The $H$ and $f$ are matrices that are passed into $quadprog$ that are used in the following cost function $\frac{1}{2}XHX + f^TX$ and results in the equation (7) cost function. $H$ and $f$ are shown below for 3 timesteps.

$$ H = \begin{bmatrix} Q & 0 & 0 & 0 & 0 & 0 \\ 0 & Q & 0 & 0 & 0 & 0 \\ 0 & 0 & Q & 0 & 0 & 0 \\ 0 & 0 & 0 & R & 0 & 0 \\ 0 & 0 & 0 & 0 & R & 0 \\ 0 & 0 & 0 & 0 & 0 & R \end{bmatrix} f = \begin{bmatrix} -Q^Tx_{desired}^1\\ -Q^Tx_{desired}^2\\ -Q^Tx_{desired}^3\\ 0_{12 \times 1} \\ 0_{12 \times 1} \\ 0_{12 \times 1} \\ \end{bmatrix} $$

$H$, $f$, $A_{eq}$, $B_{eq}$ are now enough to optimize for the control inputs. However, there are some constraints that should be placed on the control inputs. These are frictional constraints on the foot forces in the control inputs so that when the forces are applied to the foot, it doesn’t slip. These physics constraints for a single foot are below and are for the forces in the $x$, $y$ and $z$ directions.

$$ 10 \, \text{N} \leq F_{z} \leq 500 \, \text{N} \\ \left| \frac{F_x}{F_z} \right| \leq \mu, \quad \left| \frac{F_y}{F_z} \right| \leq \mu \quad \text{where} \, \mu = 0.5 \, \text{(coefficient of friction)} $$

Physics constraints above can be rewritten as inequalities below.

$$ F_{x} - \mu F_{z} \leq 0 -F_{x} - \mu F_{z} \leq 0 \\ F_{y} - \mu F_{z} \leq 0 \\ -F_{y} - \mu F_{z} \leq 0 \\ F_{z} \leq 100 \\ -F_{z} \leq 10 $$

The physics constraints inequalities can be written in the matrix form below.

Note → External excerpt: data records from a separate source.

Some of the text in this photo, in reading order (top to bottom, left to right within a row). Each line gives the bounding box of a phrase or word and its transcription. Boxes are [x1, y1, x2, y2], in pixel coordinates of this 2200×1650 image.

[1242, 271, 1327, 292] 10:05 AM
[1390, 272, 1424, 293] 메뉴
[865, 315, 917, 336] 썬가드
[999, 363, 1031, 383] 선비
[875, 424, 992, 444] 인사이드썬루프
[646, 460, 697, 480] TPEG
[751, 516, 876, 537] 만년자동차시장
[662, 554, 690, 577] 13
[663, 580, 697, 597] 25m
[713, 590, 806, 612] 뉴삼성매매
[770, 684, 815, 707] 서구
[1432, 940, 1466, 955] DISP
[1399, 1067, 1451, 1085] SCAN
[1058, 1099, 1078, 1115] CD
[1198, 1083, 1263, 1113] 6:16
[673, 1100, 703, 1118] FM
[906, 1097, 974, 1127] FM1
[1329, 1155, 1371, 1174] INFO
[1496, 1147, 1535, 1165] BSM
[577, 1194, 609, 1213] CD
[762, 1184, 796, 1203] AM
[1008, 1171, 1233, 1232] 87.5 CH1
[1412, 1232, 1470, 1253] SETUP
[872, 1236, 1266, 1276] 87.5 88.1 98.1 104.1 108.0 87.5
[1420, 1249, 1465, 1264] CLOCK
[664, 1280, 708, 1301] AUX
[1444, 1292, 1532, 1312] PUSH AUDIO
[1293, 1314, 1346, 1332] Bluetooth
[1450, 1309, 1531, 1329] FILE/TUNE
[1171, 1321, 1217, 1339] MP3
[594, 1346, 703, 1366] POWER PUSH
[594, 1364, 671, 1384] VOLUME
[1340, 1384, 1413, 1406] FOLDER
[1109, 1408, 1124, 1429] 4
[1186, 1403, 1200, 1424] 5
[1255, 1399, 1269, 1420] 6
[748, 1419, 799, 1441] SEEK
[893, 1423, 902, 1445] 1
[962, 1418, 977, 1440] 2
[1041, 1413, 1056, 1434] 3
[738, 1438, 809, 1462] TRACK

$$ A_{ineq} = \begin{bmatrix} 1 & 0 & -\mu \\ -1 & 0 & -\mu \\ 0 & 1 & -\mu \\ 0 & -1 & -\mu \\ 0 & 0 & 1 \\ 0 & 0 & -1 \end{bmatrix} B_{ineq} = \begin{bmatrix} 0 \\ 0 \\ 0 \\ 0 \\ 100 \\ -10 \end{bmatrix} $$$$ \begin{equation} A_{ineq} \begin{bmatrix} F_{x} \\ F_{y} \\ F_{z} \\ \end{bmatrix} = B_{ineq} \end{equation} $$

For $quadprog$ in MATLAB, if $A_{ineq}$ and $B_{ineq}$ are passed in, the expected relationship is $A_{ineq}X \leq B_{ineq}$. For 3 timesteps, $X$ is reiterated below, with each $u[k+i]$ being a vector of $F_{x}$, $F_{y}$, $F_{z}$ for each foot, which is why the dimension is $12 \times 1$.

$$ X = \begin{bmatrix} x[k+1]_{13 \times 1} \\ x[k+2]_{13 \times 1} \\ x[k+3]_{13 \times 1} \\ u[k]_{12 \times 1} \\ u[k+1]_{12 \times 1} \\ u[k+2]_{12 \times 1} \\ \end{bmatrix} $$

To ensure $quadprog$ optimizes the control inputs ($u$) in $X$ with the physics constraints $A_{ineq}$ and $B_{ineq}$ need to be updated for each leg, then to each timestep.

The matrices for four legs are:

$$ A_q = \begin{bmatrix} A_{ineq} & 0 & 0 & 0 \\ 0 & A_{ineq} & 0 & 0 \\ 0 & 0 & A_{ineq} & 0 \\ 0 & 0 & 0 & A_{ineq} \end{bmatrix} $$$$ B_q = \begin{bmatrix} B_{ineq} \\ B_{ineq} \\ B_{ineq} \\ B_{ineq} \\ \end{bmatrix} $$

The final matrices for the four legs applied for each of the N = 3 timesteps results in the $A_{qp}$ and $B_{qp}$ shown below.

$$ A_{qp} = \begin{bmatrix} 0_{24 \times 13 \text{N}} & A_q & 0 & 0 \\ 0_{24 \times 13 \text{N}} & 0 & A_q & 0 \\ 0_{24 \times 13 \text{N}} & 0 & 0 & A_q \end{bmatrix} $$$$ B_{qp} = \begin{bmatrix} B_q \\ B_q \\ B_q \end{bmatrix} $$

Finally, with $H$, $f$, $A_{eq}$, $B_{eq}$, $A_{qp}$, $B_{qp}$ now calculated, we can pass them into the $quadprog$ in MATLAB and get an optimized $X$. The 12 inputs at $u[k]$ after 39 (13N) rows in an optimized $X$, are the ideal control inputs to apply. The 12 inputs are made up of 3 control inputs/forces for each of the 4 legs. The forces for each leg are finally converted to motor torques using equation 5.